■ Your task ■
Write out the whole listing exactly; no images belong in it.

--- Exercise inputs Enclosed Below ---

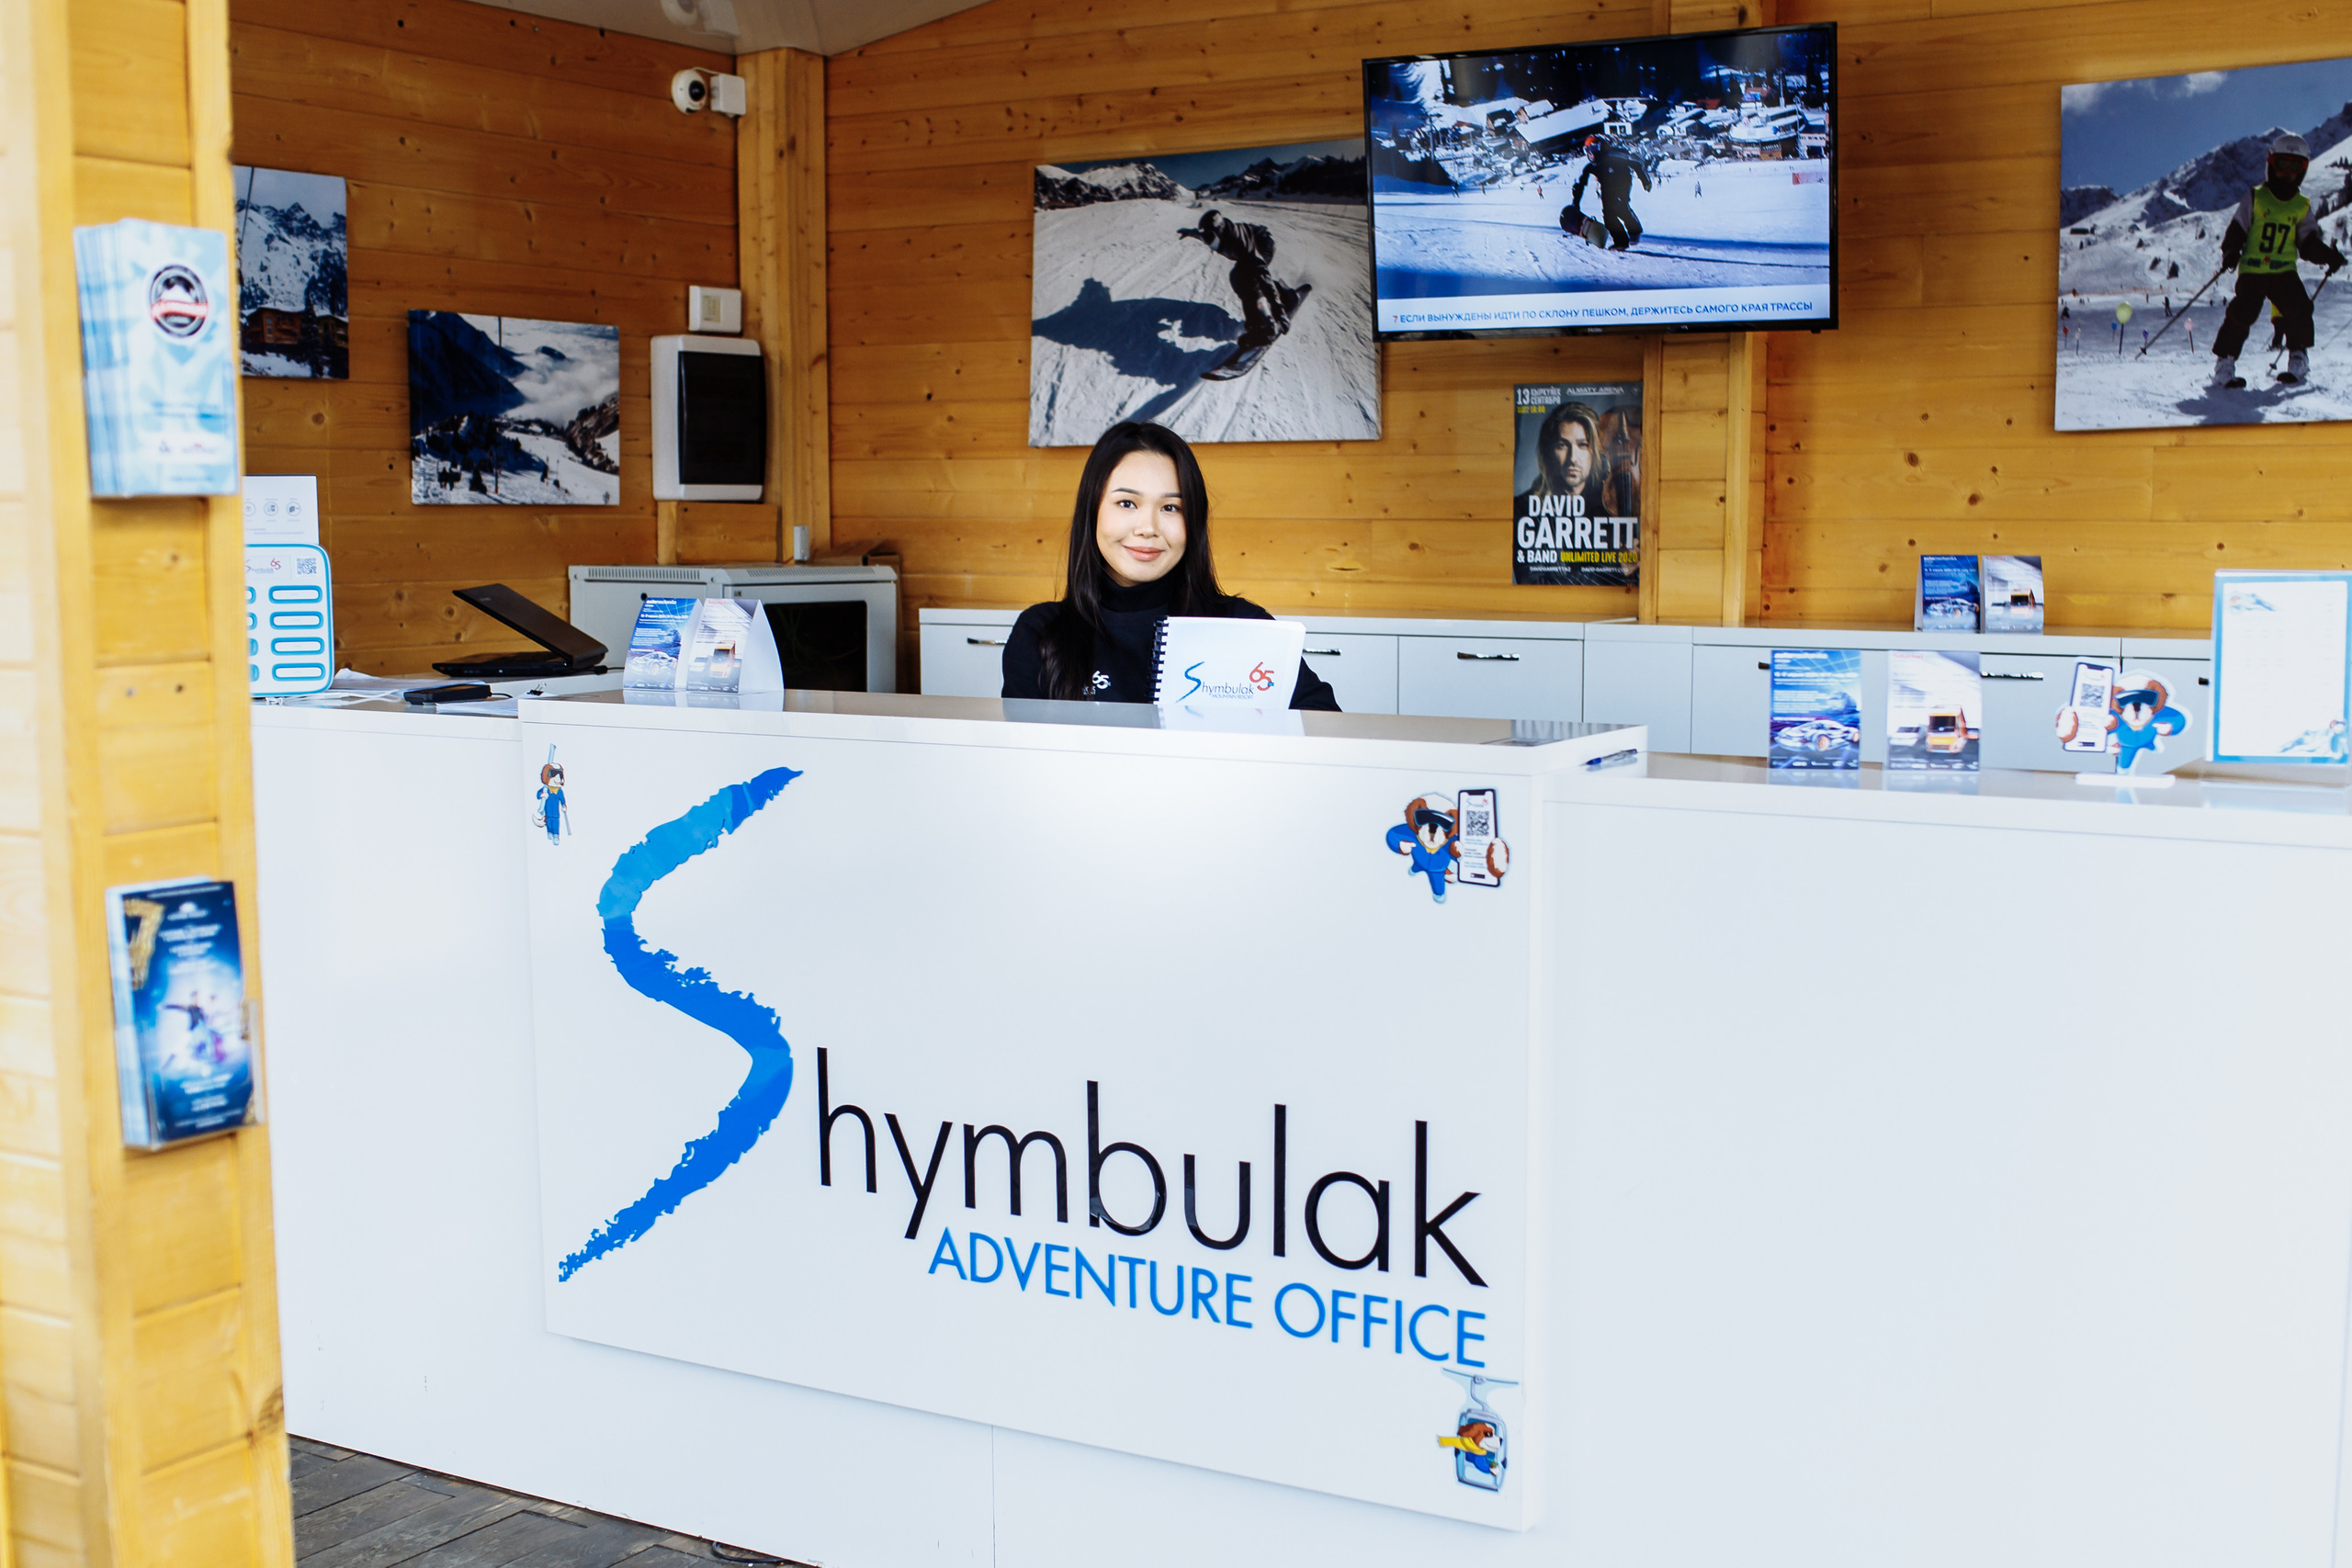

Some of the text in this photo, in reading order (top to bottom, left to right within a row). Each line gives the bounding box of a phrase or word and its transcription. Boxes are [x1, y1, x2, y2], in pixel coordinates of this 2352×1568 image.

[2259, 222, 2290, 254] 97
[1392, 301, 1813, 323] 7 ЕСЛИ ВЫНУЖДЕНЫ ИДТИ ПО СКЛОНУ ПЕШКОМ, ДЕРЖИТЕСЬ САМОГО КРАЯ ТРАССЫ
[1517, 388, 1530, 405] 13
[1529, 494, 1586, 517] DAVID
[1517, 516, 1638, 549] GARRETT
[1517, 549, 1638, 563] & BAND UNLIMITED LIVE 2020
[1091, 670, 1111, 691] 65
[1175, 660, 1273, 704] Shymbulak 65
[559, 767, 1489, 1289] Shymbulak
[928, 1227, 1487, 1369] ADVENTURE OFFICE

--- End of Enclosed Exercise inputs ---

■ Output ■
Some of the text in this photo, in reading order (top to bottom, left to right within a row). Each line gives the bounding box of a phrase or word and its transcription. Boxes are [x1, y1, x2, y2], in pixel coordinates of this 2352×1568 image.

[2259, 222, 2290, 254] 97
[1392, 301, 1813, 323] 7 ЕСЛИ ВЫНУЖДЕНЫ ИДТИ ПО СКЛОНУ ПЕШКОМ, ДЕРЖИТЕСЬ САМОГО КРАЯ ТРАССЫ
[1517, 388, 1530, 405] 13
[1529, 494, 1586, 517] DAVID
[1517, 516, 1638, 549] GARRETT
[1517, 549, 1638, 563] & BAND UNLIMITED LIVE 2020
[1091, 670, 1111, 691] 65
[1175, 660, 1273, 704] Shymbulak 65
[559, 767, 1489, 1289] Shymbulak
[928, 1227, 1487, 1369] ADVENTURE OFFICE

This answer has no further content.